A tarefa apostólica que Cristo atribuiu a todos os seus discípulos produz, portanto, resultados concretos no âmbito social. Não é admissível pensar que, para se ser cristão, seja preciso voltar as costas ao mundo, ser um derrotista da natureza humana. Tudo, até o mais pequeno dos acontecimentos honestos, encerra um sentido humano e divino. Cristo, perfeito homem, não veio destruir o que é humano, mas enobrecê-lo, assumindo a nossa natureza humana, excepto o pecado. Veio compartilhar todos osanseios do homem, menos a triste aventura do mal.

O cristão deve encontrar-se sempre disposto a santificar a sociedade a partir de dentro, estando plenamente no mundo, mas não sendo do mundo naquilo que ele tem - não por característica real, mas por defeito voluntário, pelo pecado - de negação de Deus, de oposição à Sua amável Vontade salvífica.

A festa da Ascensão do Senhor sugere-nos também outra realidade: o Cristo que nos anima a esta tarefa no mundo espera-nos no Céu. Por outras palavras: a vida na terra, que amamos, não é a definitiva: porque não temos aqui cidade permanente, mas andamos em busca da futura cidade imutável.

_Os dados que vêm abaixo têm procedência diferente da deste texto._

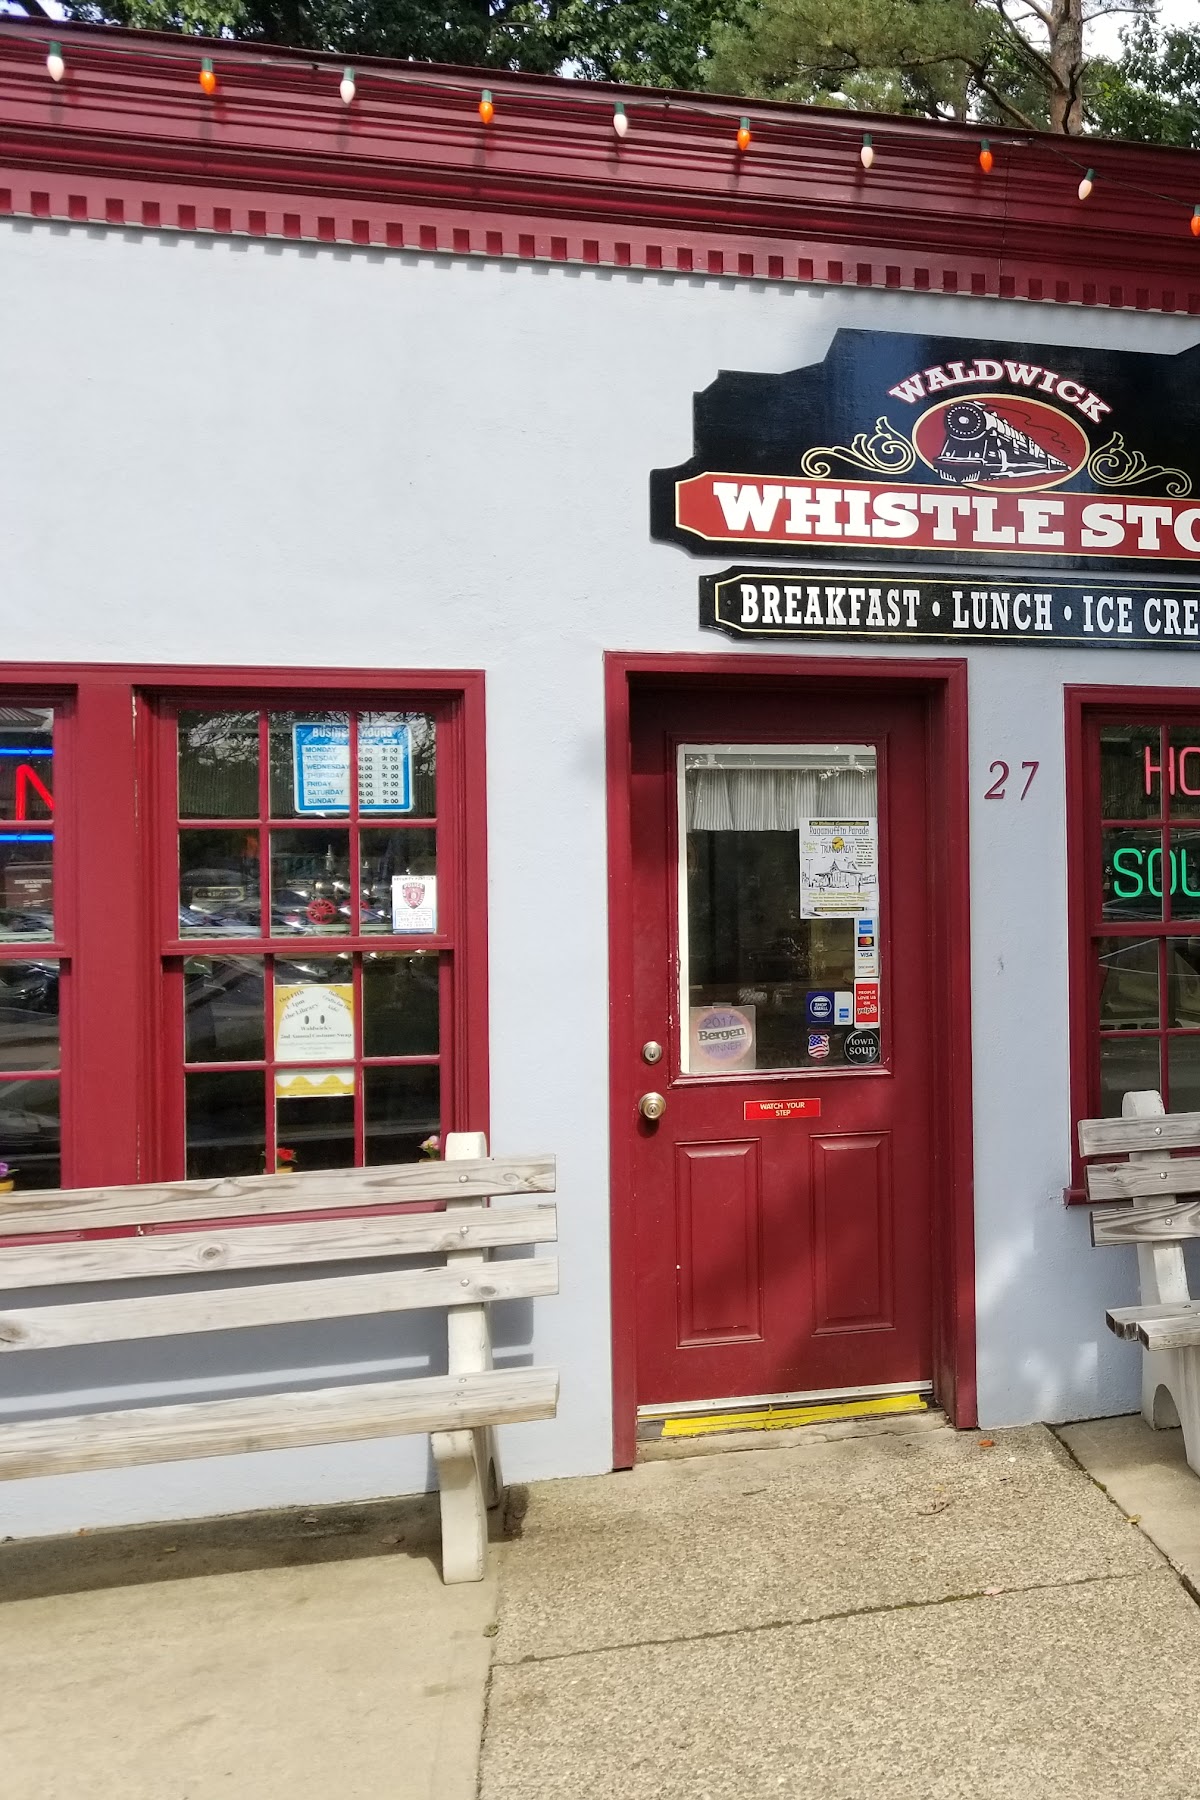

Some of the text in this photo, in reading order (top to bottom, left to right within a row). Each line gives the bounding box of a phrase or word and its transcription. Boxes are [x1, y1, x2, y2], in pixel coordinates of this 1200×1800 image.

Procuremos, no entanto, não interpretar a Palavra de Deus nos limites de horizontes estreitos. O Senhor não nos impele a sermos infelizes enquanto caminhamos, esperando só a consolação no além. Deus quer-nos felizes também aqui, embora anelando o cumprimento definitivo dessa outra felicidade, que só Ele pode preencher completa e abundantemente.

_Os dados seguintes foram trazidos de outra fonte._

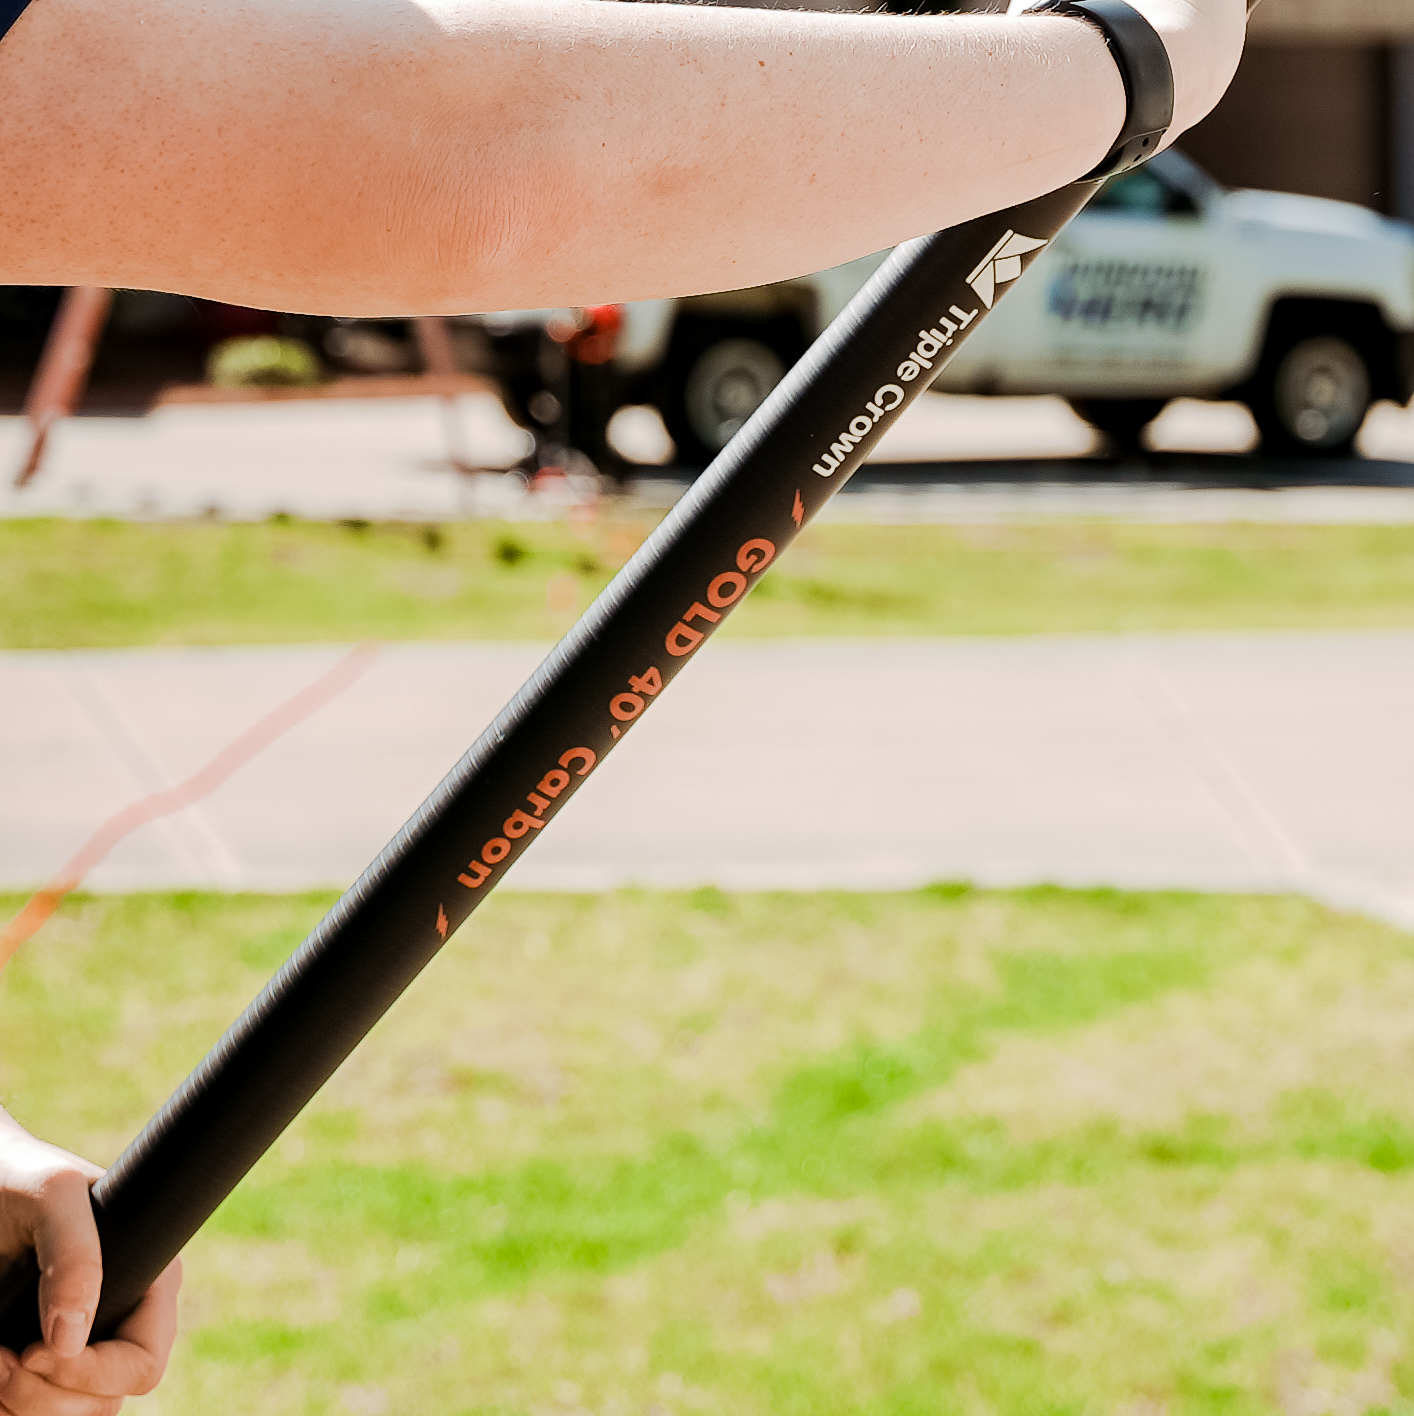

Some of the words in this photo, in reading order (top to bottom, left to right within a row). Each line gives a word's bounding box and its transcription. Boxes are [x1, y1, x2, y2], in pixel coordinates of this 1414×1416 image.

[896, 303, 979, 383] Triple
[812, 384, 905, 478] Crown
[664, 538, 777, 657] GOLD
[457, 745, 597, 890] Carbon
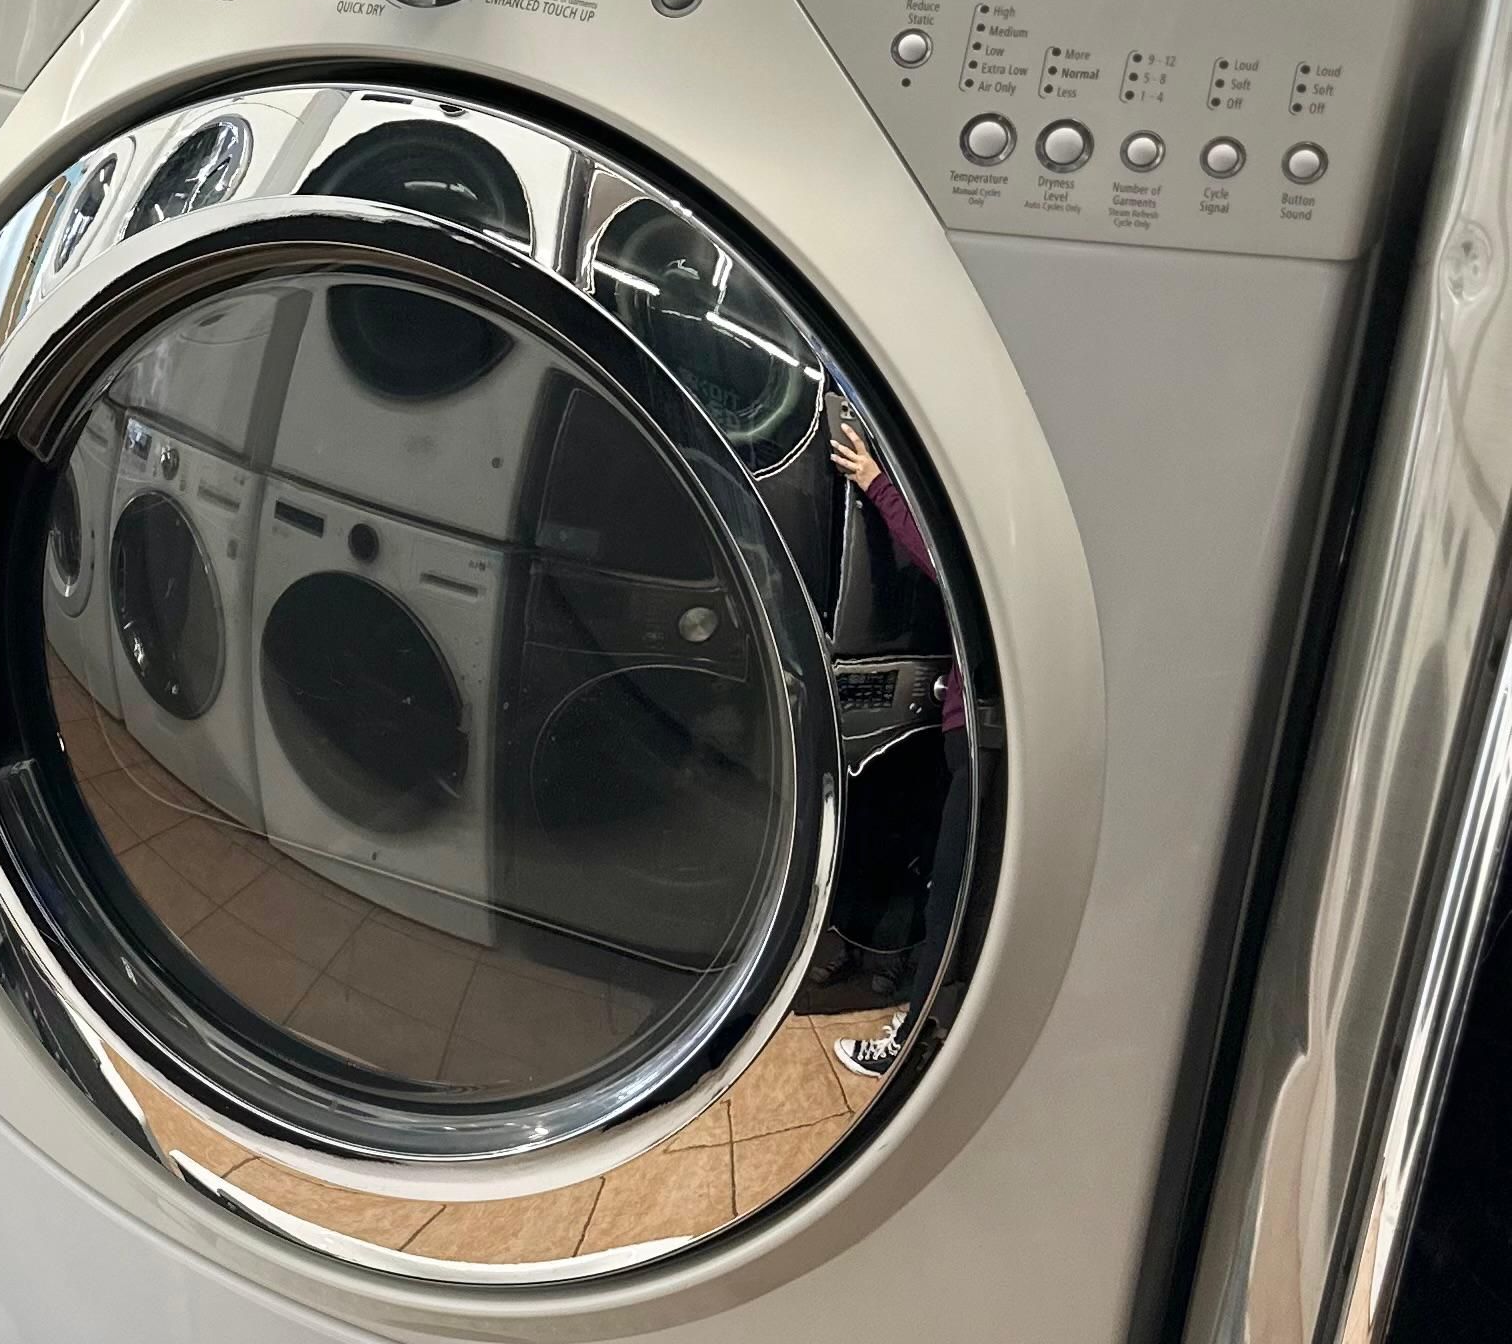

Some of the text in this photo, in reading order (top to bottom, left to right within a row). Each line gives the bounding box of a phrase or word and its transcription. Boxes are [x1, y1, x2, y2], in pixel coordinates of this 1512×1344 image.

[336, 0, 385, 17] QUICK DRY
[542, 1, 577, 20] TOUCH
[579, 9, 595, 23] UP
[906, 0, 941, 12] Reduce
[993, 5, 1016, 20] High
[908, 13, 935, 26] Static
[989, 25, 1029, 38] Medium
[985, 44, 1005, 57] Low
[1065, 48, 1091, 61] More
[981, 62, 1028, 76] Extra Low
[1234, 59, 1259, 72] Loud
[1315, 65, 1342, 78] Loud
[1061, 67, 1100, 80] Normal
[977, 80, 1017, 96] Air Only
[1231, 78, 1251, 91] Soft
[1312, 84, 1334, 97] Soft
[1057, 86, 1077, 98] Less
[1226, 98, 1243, 110] Off
[1309, 102, 1325, 115] Off
[949, 170, 1009, 186] Temperature
[1038, 176, 1075, 191] Dryness
[1112, 182, 1162, 196] Number of
[1203, 187, 1229, 201] Cycle
[968, 196, 984, 207] Only
[1043, 190, 1068, 202] Level
[1112, 195, 1157, 209] Garments
[1281, 192, 1316, 207] Button
[1199, 201, 1230, 216] Signal
[1280, 207, 1313, 221] Sound

Nesta terra, a contemplação das realidades sobrenaturais, a acção da graça nas nossas almas, o amor ao próximo como fruto saboroso do amor a Deus, supõem já uma antecipação do Céu, uma começo destinado a crescer dia a dia. Nós, cristãos, não suportamos uma vida dupla: mantemos uma unidade de vida, simples e forte, na qual se fundamentam e compenetram todas ás nossas acções.

Cristo espera-nos. Vivemos já como cidadãos do céu sendo plenamente cidadãos da Terra, no meio de dificuldades, de injustiças, de incompreensões, mas também no meio da alegria e da serenidade que dá saber-se filho amado de Deus. Perseveremos no serviço do nosso Deus e veremos como aumenta em número e em santidade este exército cristão de paz, este povo de corredenção. Sejamos almas contemplativas, com um diálogo constante, convivendo com o Senhor a toda a hora: desde o primeiro pensamento do dia ao último da noite, pondo continuamente o nosso coração em Jesus Cristo Senhor Nosso, chegando até junto d'Ele por intermédio da Nossa Mãe Santa Maria e, por Ele, ao Pai e ao Espírito Santo.

Se, apesar de tudo, a subida de Jesus aos Céus nos deixa na alma um amargo rasto de tristeza, acudamos a sua Mãe como fizeram os apóstolos: então, voltaram a Jerusalém… e oravam unanimemente… com Maria, a Mãe de Jesus.

Dar a conhecer a Cristo

Todos os acontecimentos da vida - os de cada existência individual e, de algum modo, os das grandes encruzilhadas da História - vejo-os como outros tantos chamamentos que Deus faz aos homens para olharem de frente a verdade e como ocasiões oferecidas a nós, cristãos, para anunciarmos com as nossas obras e as nossas palavras, auxiliados pela graça, o Espírito a que pertencemos.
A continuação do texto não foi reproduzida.